-- Stored data follows --
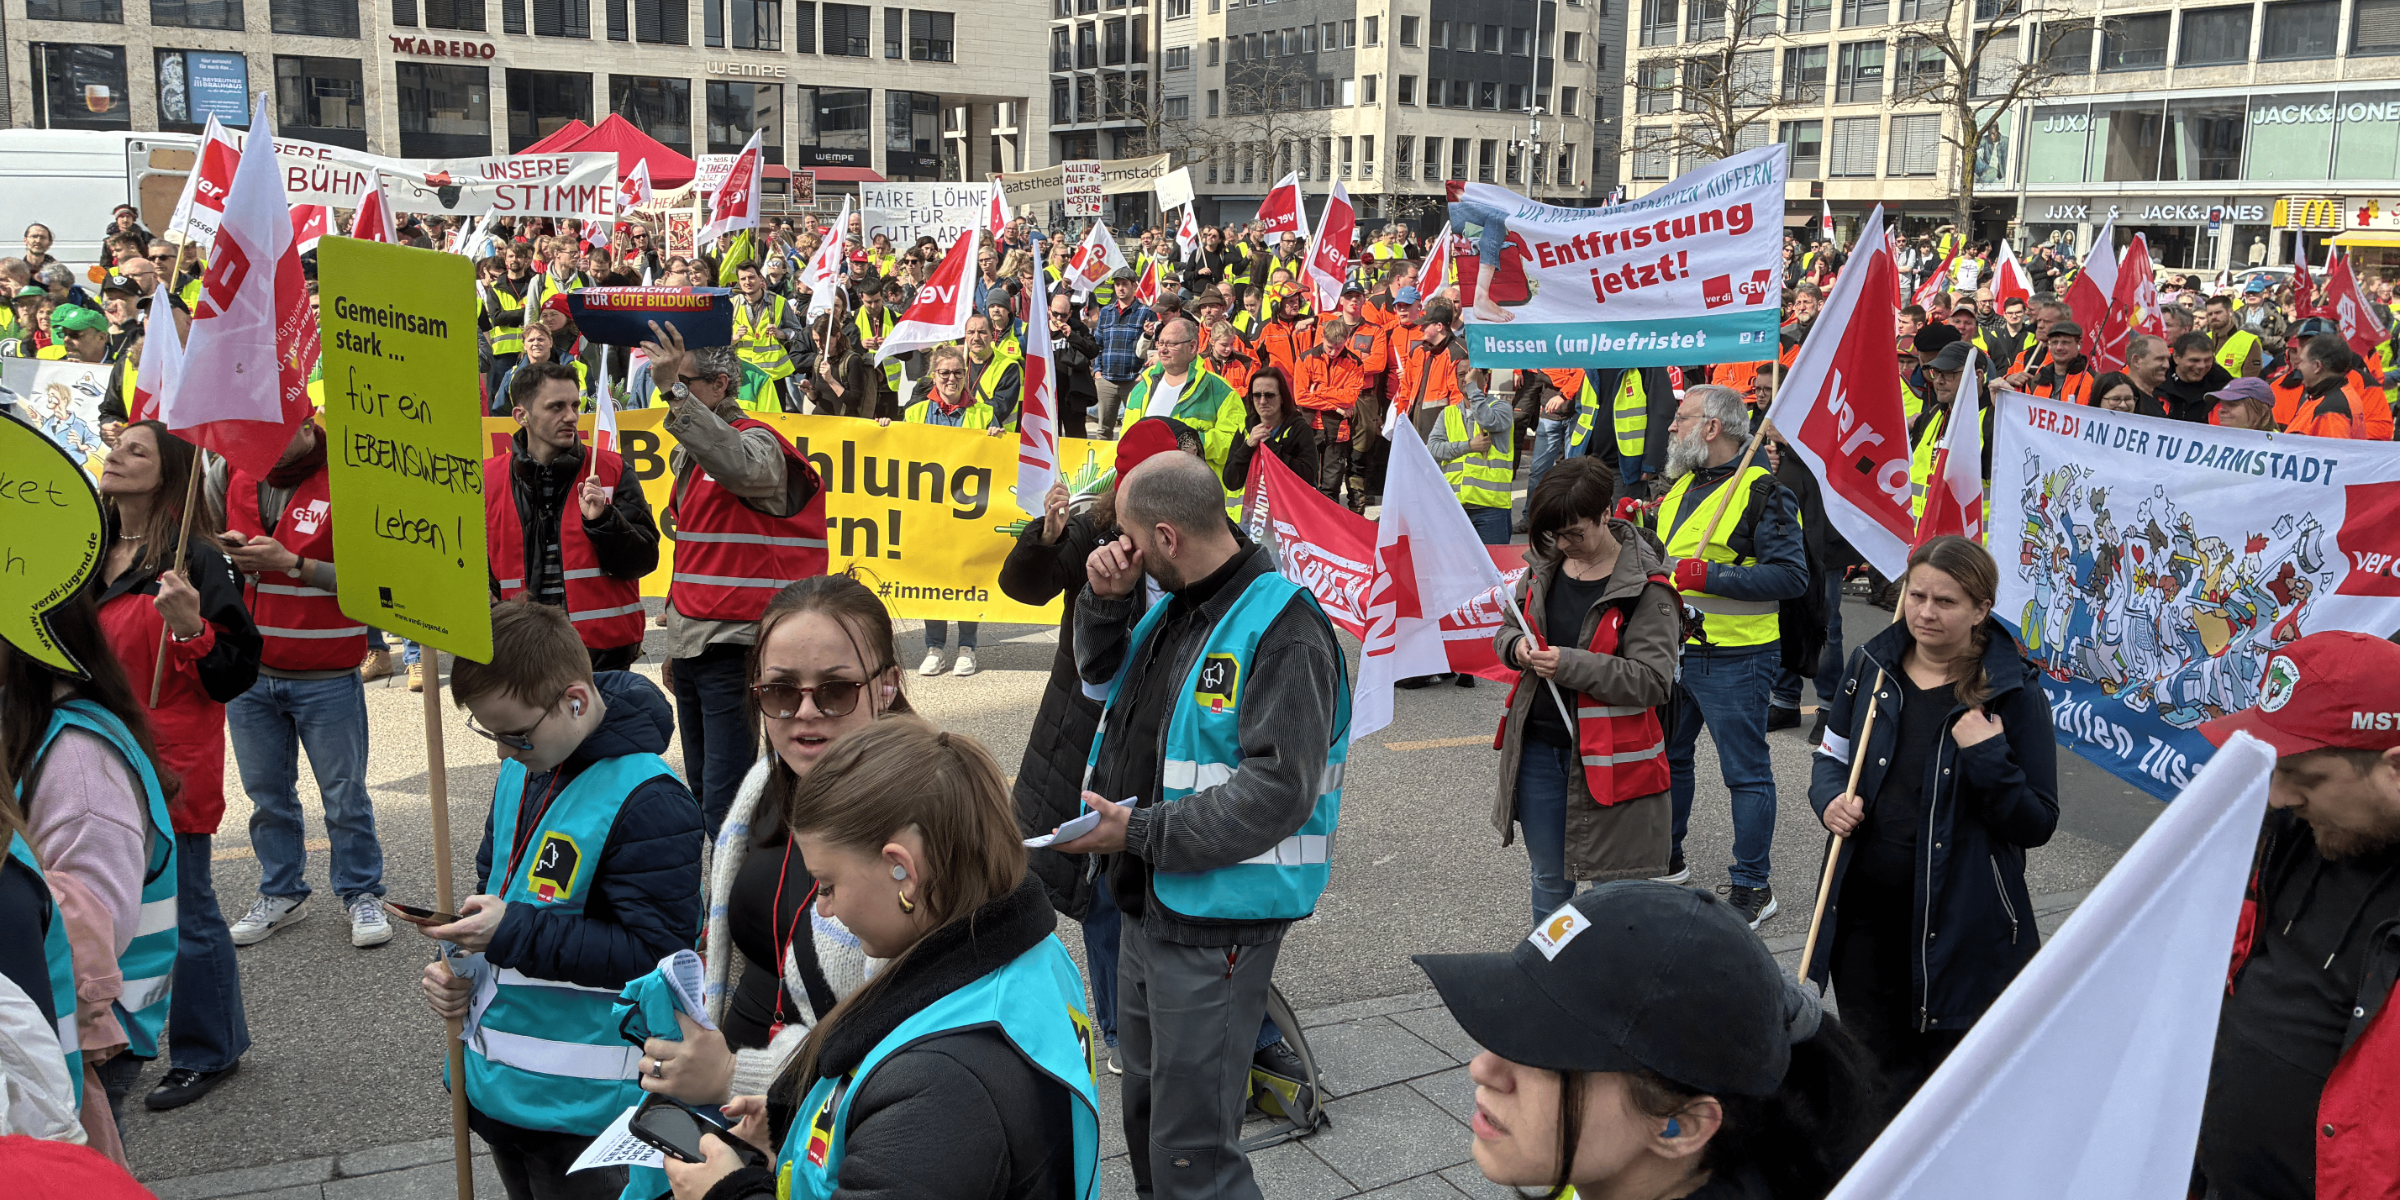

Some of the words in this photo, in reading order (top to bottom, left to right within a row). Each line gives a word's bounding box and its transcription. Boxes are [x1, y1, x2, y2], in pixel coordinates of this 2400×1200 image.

[389, 34, 496, 59] MAREDO
[706, 61, 787, 78] WEMPE
[2043, 113, 2097, 134] JJXX
[815, 153, 855, 162] WEMPE
[919, 158, 937, 166] WEMPE
[481, 158, 570, 180] UNSERE
[1065, 164, 1101, 174] KULTUR
[1065, 174, 1086, 183] AUF
[1100, 164, 1164, 182] armstadt
[1066, 185, 1102, 195] UNSERE
[1706, 160, 1777, 200] KOFFERN.
[493, 184, 614, 216] STIMME
[932, 187, 988, 208] LÖHNE
[1067, 195, 1101, 204] KOSTEN
[910, 206, 944, 223] FÜR
[2044, 204, 2087, 219] JJXX
[2108, 204, 2120, 219] &
[2140, 204, 2264, 220] JACK&JONES
[1535, 202, 1754, 269] Entfristung
[1590, 250, 1690, 304] jetzt!
[1739, 280, 1771, 295] GEW
[611, 294, 643, 307] GUTE
[647, 294, 711, 308] BILDUNG!
[335, 296, 448, 339] Gemeinsam
[336, 329, 383, 357] stark
[1484, 335, 1548, 354] Hessen
[1555, 329, 1707, 356] (un)befristet
[346, 365, 390, 417] für
[398, 392, 432, 424] ein
[2027, 405, 2080, 439] VER.DI
[2084, 420, 2109, 446] AN
[2113, 426, 2150, 455] DER
[2156, 434, 2182, 461] TU
[2184, 440, 2338, 486] DARMSTADT
[344, 425, 482, 495] LEBENSWERTES
[292, 507, 328, 525] GEW
[877, 581, 989, 602] #immerda
[2138, 735, 2205, 791] zus
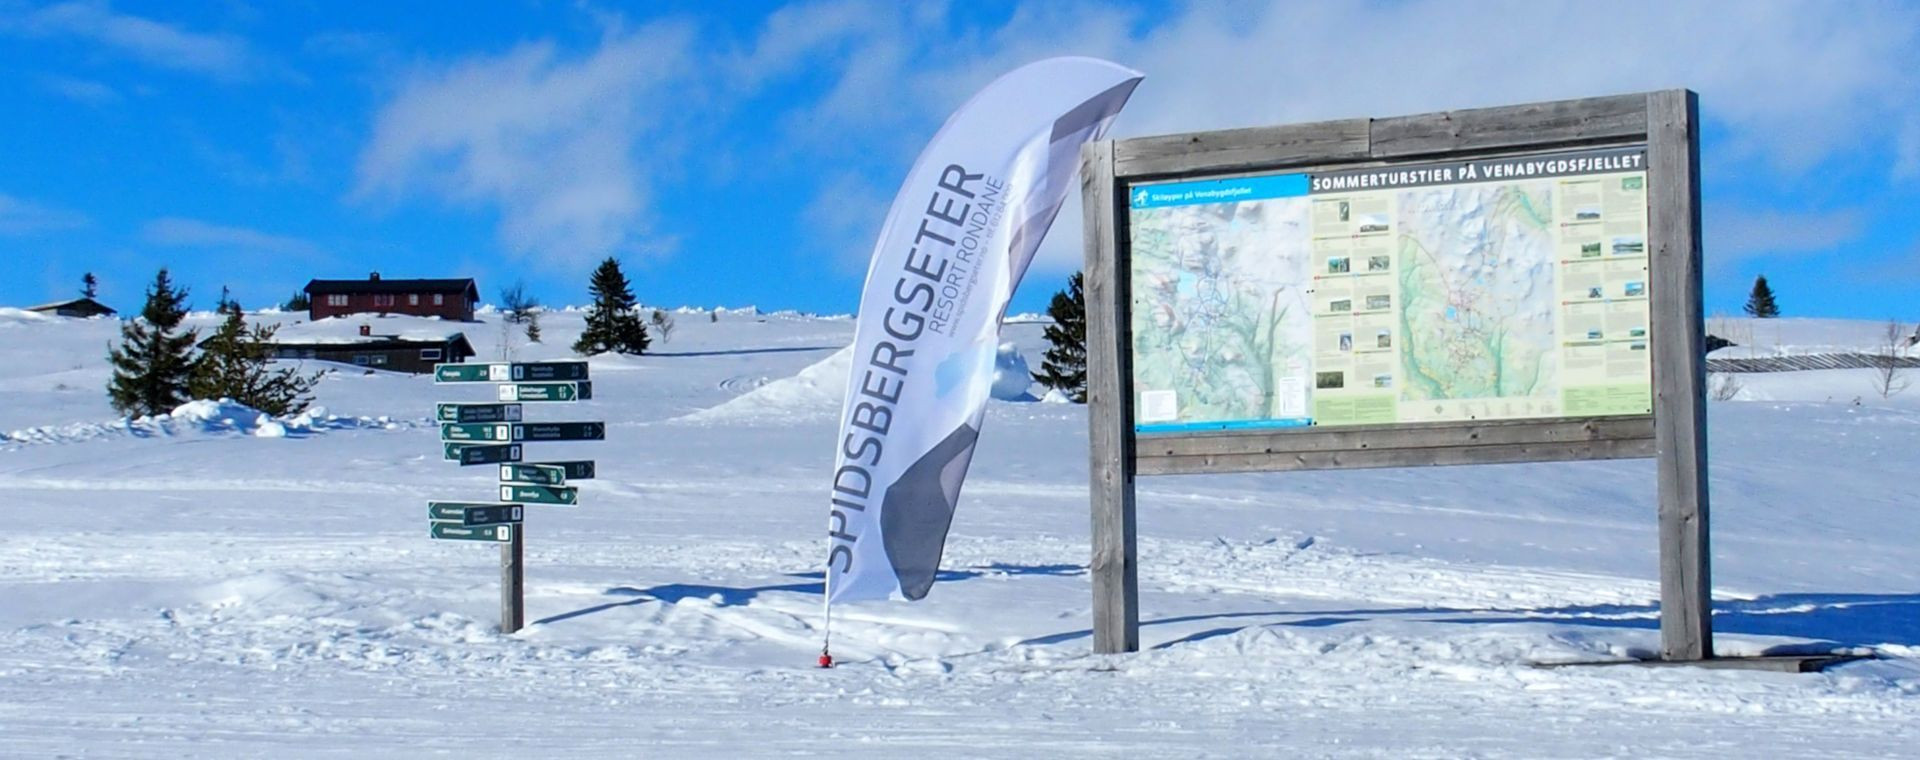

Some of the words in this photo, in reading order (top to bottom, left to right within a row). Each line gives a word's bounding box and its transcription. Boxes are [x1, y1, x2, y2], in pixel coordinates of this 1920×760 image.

[1312, 169, 1452, 191] SOMMERTURSTIER
[1458, 163, 1478, 180] PÅ
[1483, 154, 1642, 178] VENABYGDSFJELLET
[929, 262, 967, 334] RESORT
[956, 175, 1004, 264] RONDANE
[828, 164, 984, 574] SPIDSBERGSETER
-- Stored data concluded --
Look for the line that contains "this 1920×760 image." in the entries above. Set it down, along with all later lines, exactly as written.

→ Result of this exercise
Some of the words in this photo, in reading order (top to bottom, left to right within a row). Each line gives a word's bounding box and its transcription. Boxes are [x1, y1, x2, y2], in pixel coordinates of this 1920×760 image.

[1312, 169, 1452, 191] SOMMERTURSTIER
[1458, 163, 1478, 180] PÅ
[1483, 154, 1642, 178] VENABYGDSFJELLET
[929, 262, 967, 334] RESORT
[956, 175, 1004, 264] RONDANE
[828, 164, 984, 574] SPIDSBERGSETER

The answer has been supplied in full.